Please give every line below again exactly, but not its pictures.

-.-.-

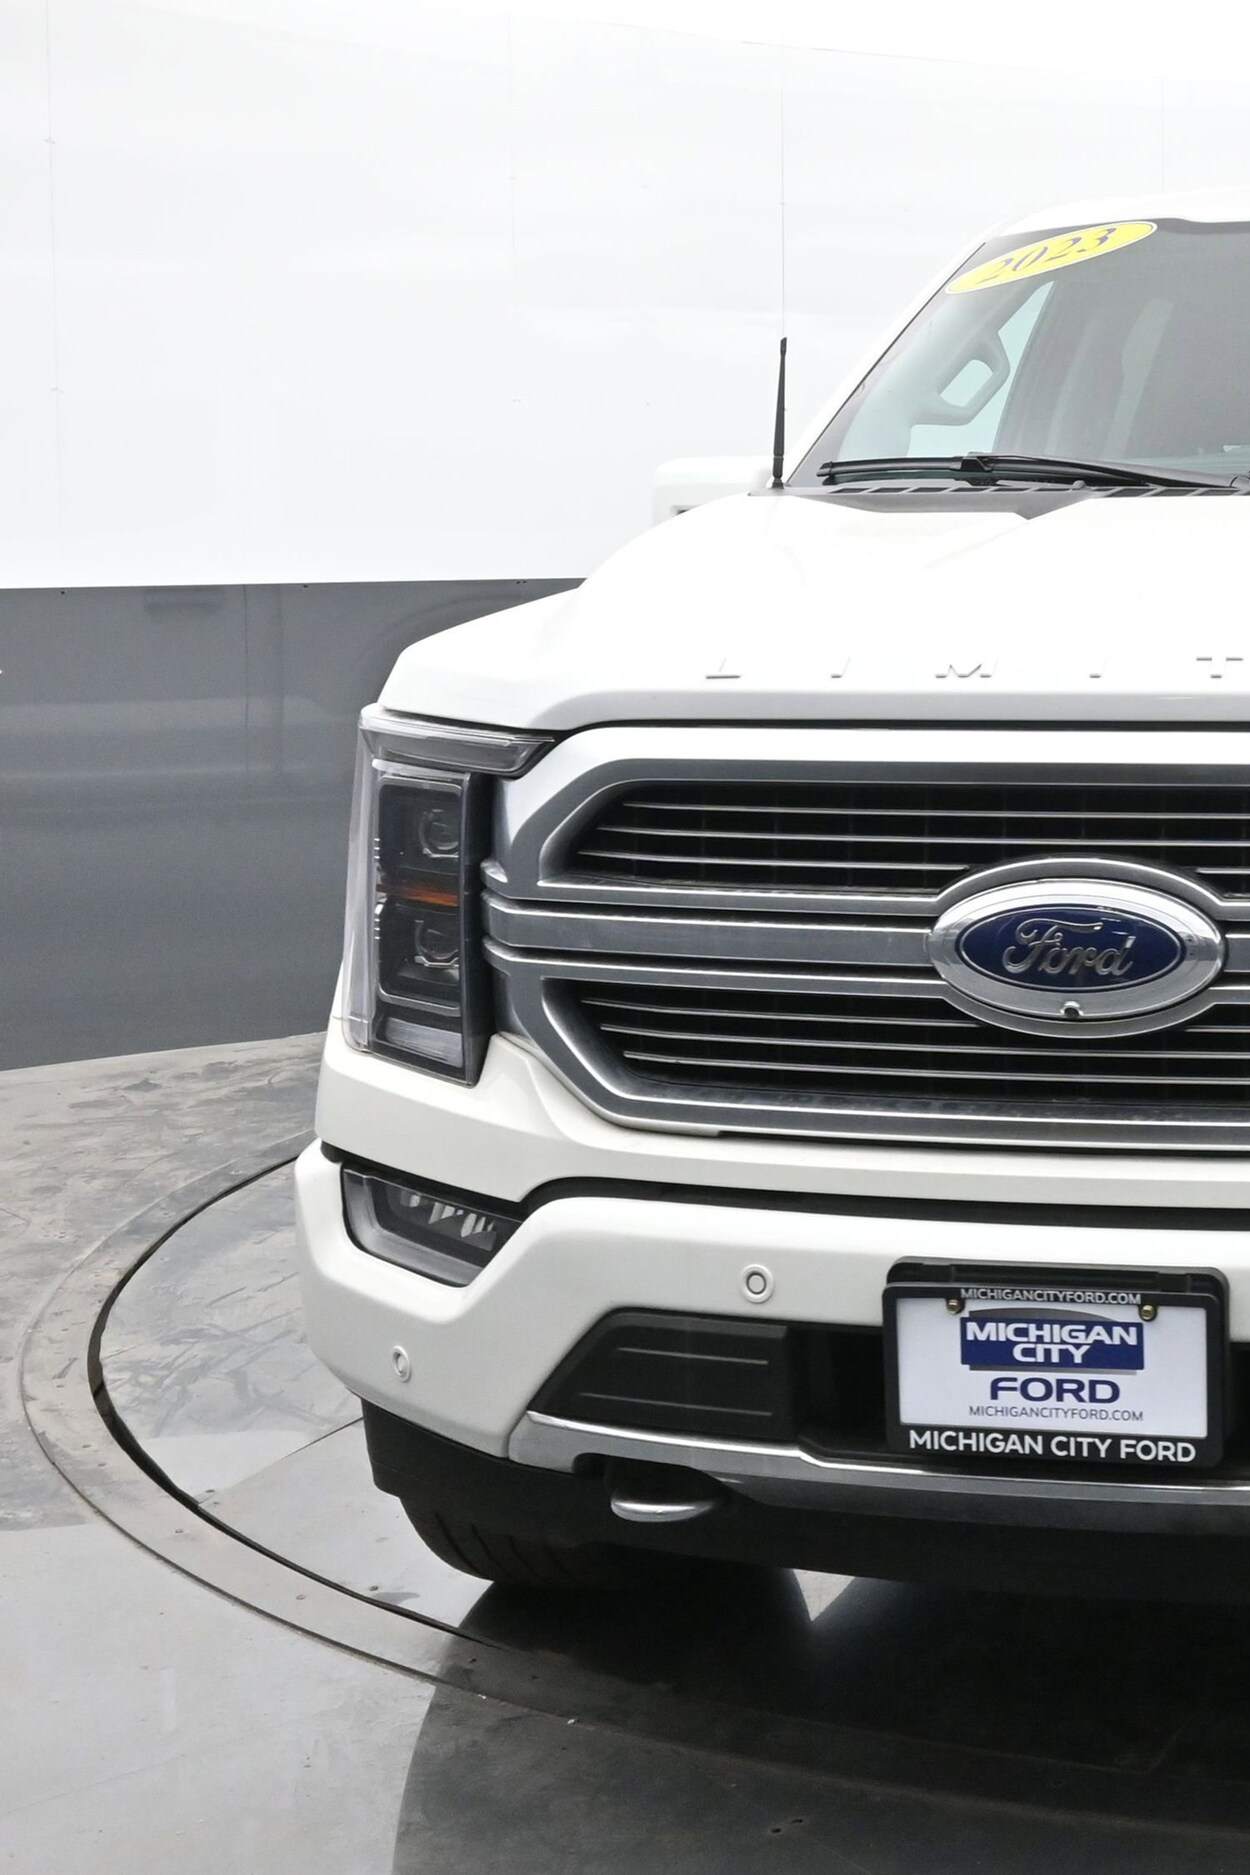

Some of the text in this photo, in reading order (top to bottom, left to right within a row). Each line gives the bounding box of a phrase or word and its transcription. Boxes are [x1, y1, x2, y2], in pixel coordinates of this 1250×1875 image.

[974, 227, 1117, 285] 2023
[1002, 917, 1136, 976] Ford
[960, 1288, 1142, 1305] MICHIGANCITYFORD.COM
[966, 1321, 1138, 1345] MICHIGAN
[1013, 1343, 1091, 1364] CITY
[989, 1376, 1121, 1404] FORD
[968, 1405, 1144, 1422] MICHIGANCITYFORD.COM
[909, 1429, 1197, 1463] MICHIGAN CITY FORD

-.-.-

*Answer below*
Some of the text in this photo, in reading order (top to bottom, left to right within a row). Each line gives the bounding box of a phrase or word and its transcription. Boxes are [x1, y1, x2, y2], in pixel coordinates of this 1250×1875 image.

[974, 227, 1117, 285] 2023
[1002, 917, 1136, 976] Ford
[960, 1288, 1142, 1305] MICHIGANCITYFORD.COM
[966, 1321, 1138, 1345] MICHIGAN
[1013, 1343, 1091, 1364] CITY
[989, 1376, 1121, 1404] FORD
[968, 1405, 1144, 1422] MICHIGANCITYFORD.COM
[909, 1429, 1197, 1463] MICHIGAN CITY FORD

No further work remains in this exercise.